What is needed ::
Could you give back the records exactly, taking out the pictures?
[Raw data Boundary: Start]
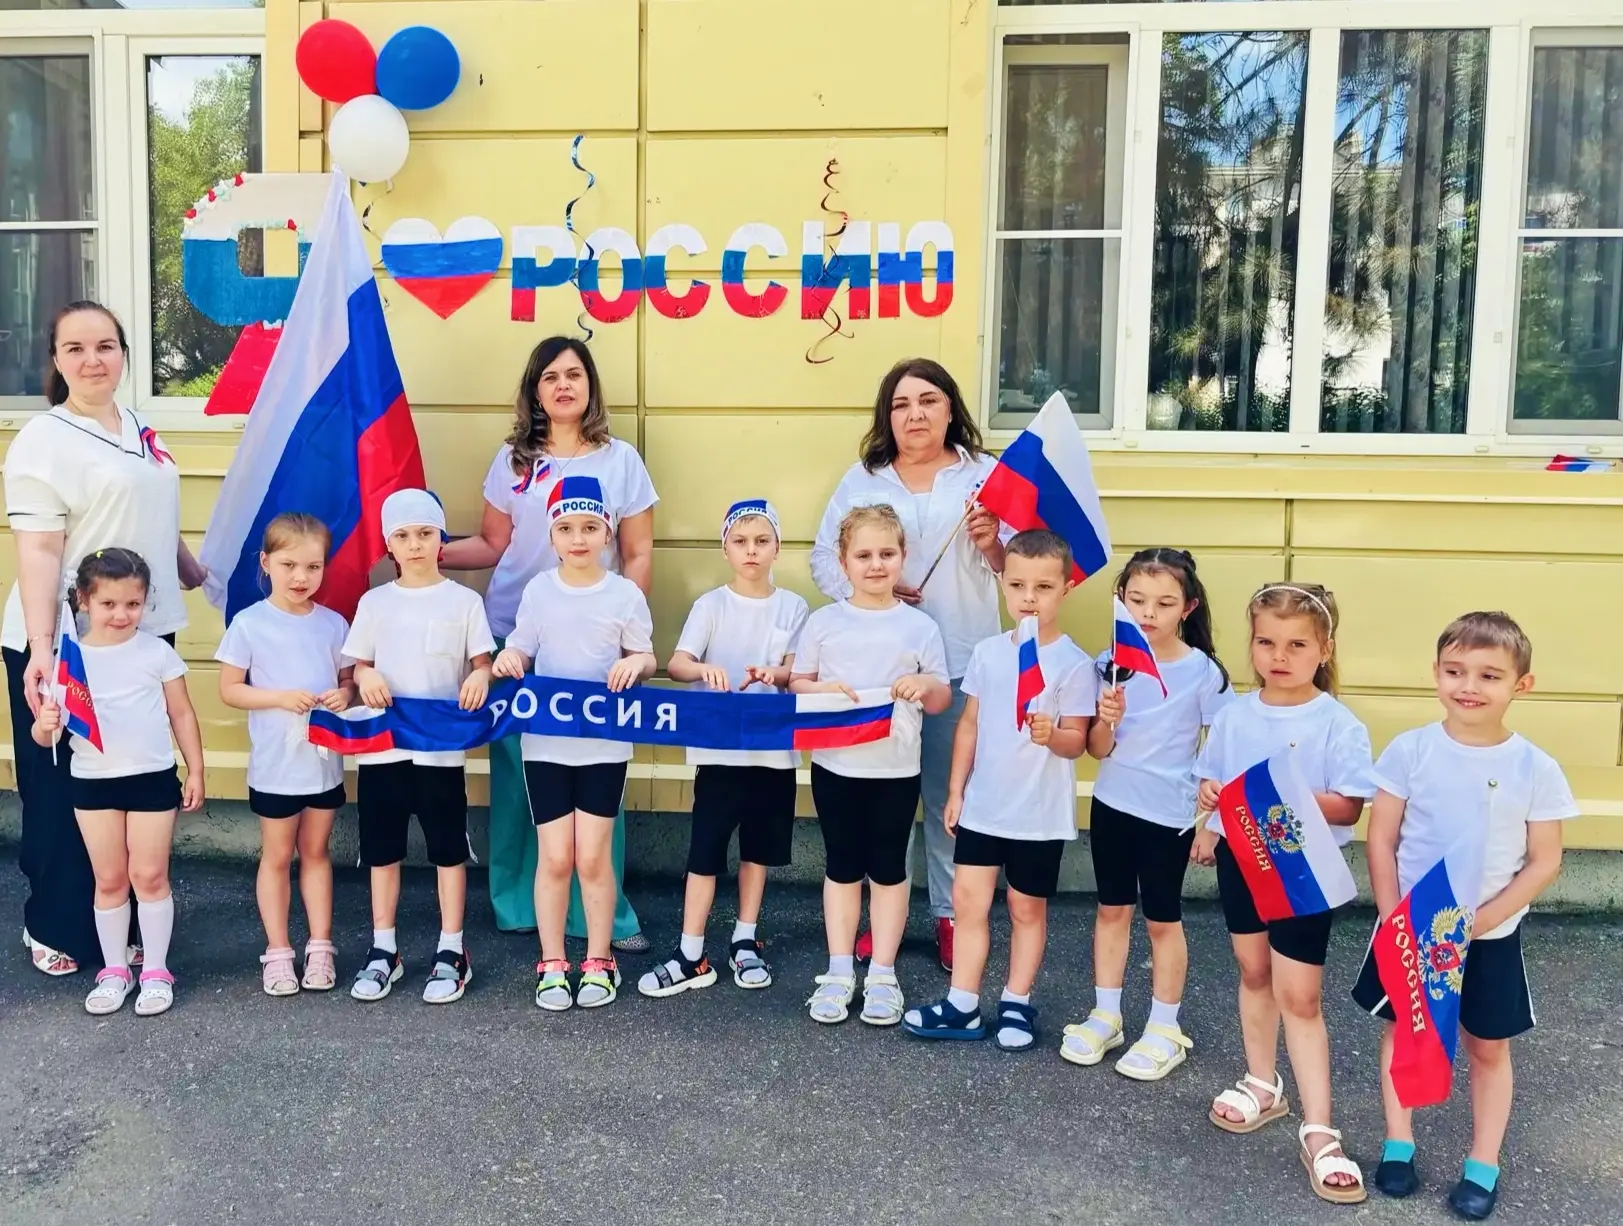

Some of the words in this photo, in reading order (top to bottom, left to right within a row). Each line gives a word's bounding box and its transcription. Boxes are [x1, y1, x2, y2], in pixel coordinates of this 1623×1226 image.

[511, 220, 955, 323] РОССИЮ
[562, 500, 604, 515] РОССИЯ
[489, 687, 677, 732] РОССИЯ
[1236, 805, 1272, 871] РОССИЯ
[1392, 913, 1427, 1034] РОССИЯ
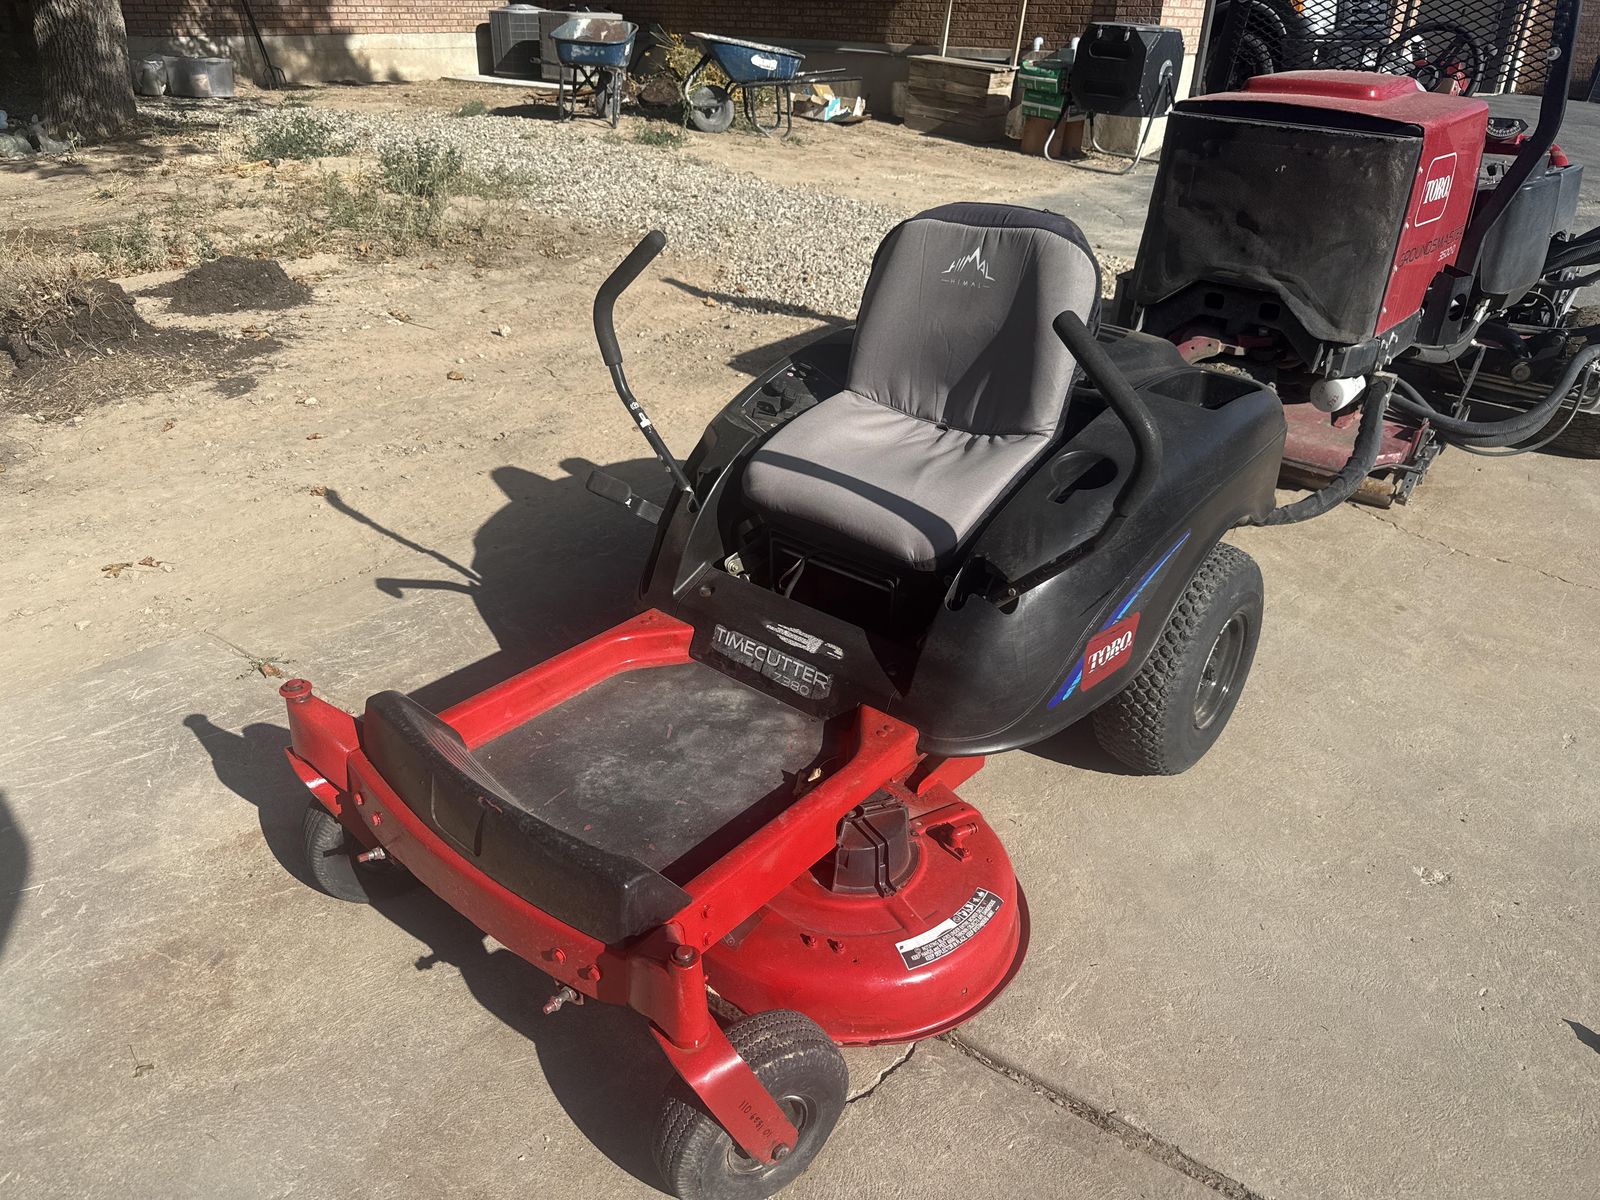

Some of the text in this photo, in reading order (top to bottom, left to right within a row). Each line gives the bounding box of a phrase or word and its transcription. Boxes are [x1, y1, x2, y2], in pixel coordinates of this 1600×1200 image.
[Raw data Boundary: End]
Answer section ::
Some of the words in this photo, in reading order (top to bottom, left to right within a row). Each line gives a word's bounding box and its transcription. Boxes are [x1, y1, x2, y2], in pixel coordinates of this 1623×1226 image.

[511, 220, 955, 323] РОССИЮ
[562, 500, 604, 515] РОССИЯ
[489, 687, 677, 732] РОССИЯ
[1236, 805, 1272, 871] РОССИЯ
[1392, 913, 1427, 1034] РОССИЯ

Some of the text in this photo, in reading order (top to bottom, left to right within a row). Each line gives the bounding box of a phrase or word and its transcription. Boxes are [x1, y1, x2, y2], in pixel coordinates of this 1600×1200 image.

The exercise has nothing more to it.